*** DATASET RECORDS Section Begins ***

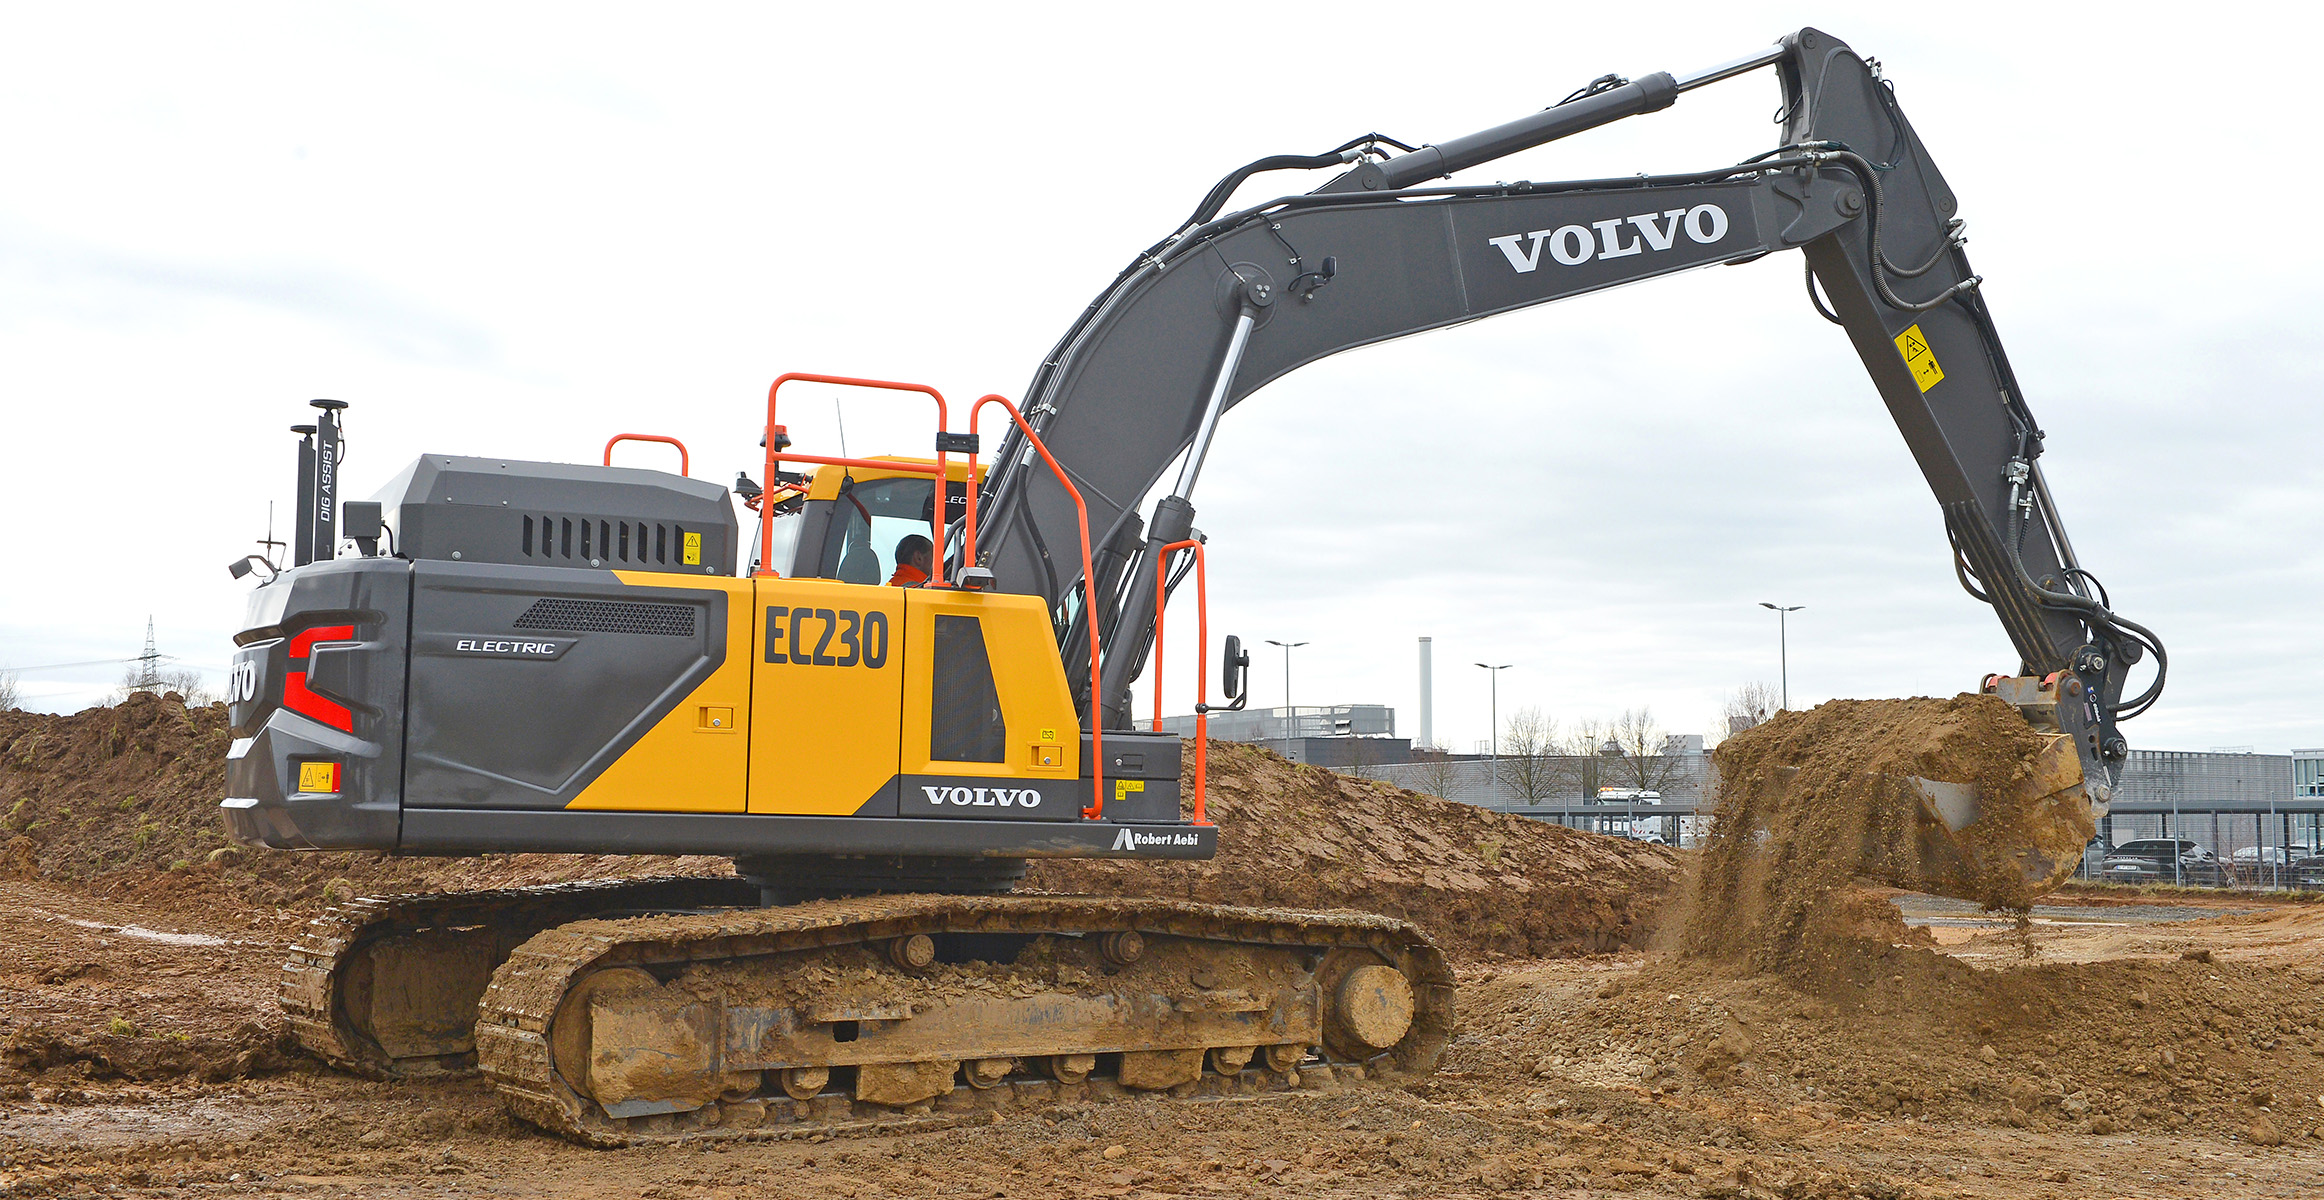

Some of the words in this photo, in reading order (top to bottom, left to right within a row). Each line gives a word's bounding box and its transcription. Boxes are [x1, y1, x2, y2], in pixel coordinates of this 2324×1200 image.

[1488, 203, 1729, 274] VOLVO
[321, 440, 333, 495] ASSIST
[320, 496, 331, 522] DIG
[456, 640, 556, 654] ELECTRIC
[764, 605, 889, 669] EC230
[921, 786, 1041, 808] VOLVO
[1134, 833, 1172, 845] Robert
[1173, 833, 1199, 846] Aebi

*** DATASET RECORDS Section Ends ***

• _TRY IT_
Copy the records word for word, leaving no picture in the copy.

• _ANSWER_
Some of the words in this photo, in reading order (top to bottom, left to right within a row). Each line gives a word's bounding box and its transcription. Boxes are [x1, y1, x2, y2], in pixel coordinates of this 2324×1200 image.

[1488, 203, 1729, 274] VOLVO
[321, 440, 333, 495] ASSIST
[320, 496, 331, 522] DIG
[456, 640, 556, 654] ELECTRIC
[764, 605, 889, 669] EC230
[921, 786, 1041, 808] VOLVO
[1134, 833, 1172, 845] Robert
[1173, 833, 1199, 846] Aebi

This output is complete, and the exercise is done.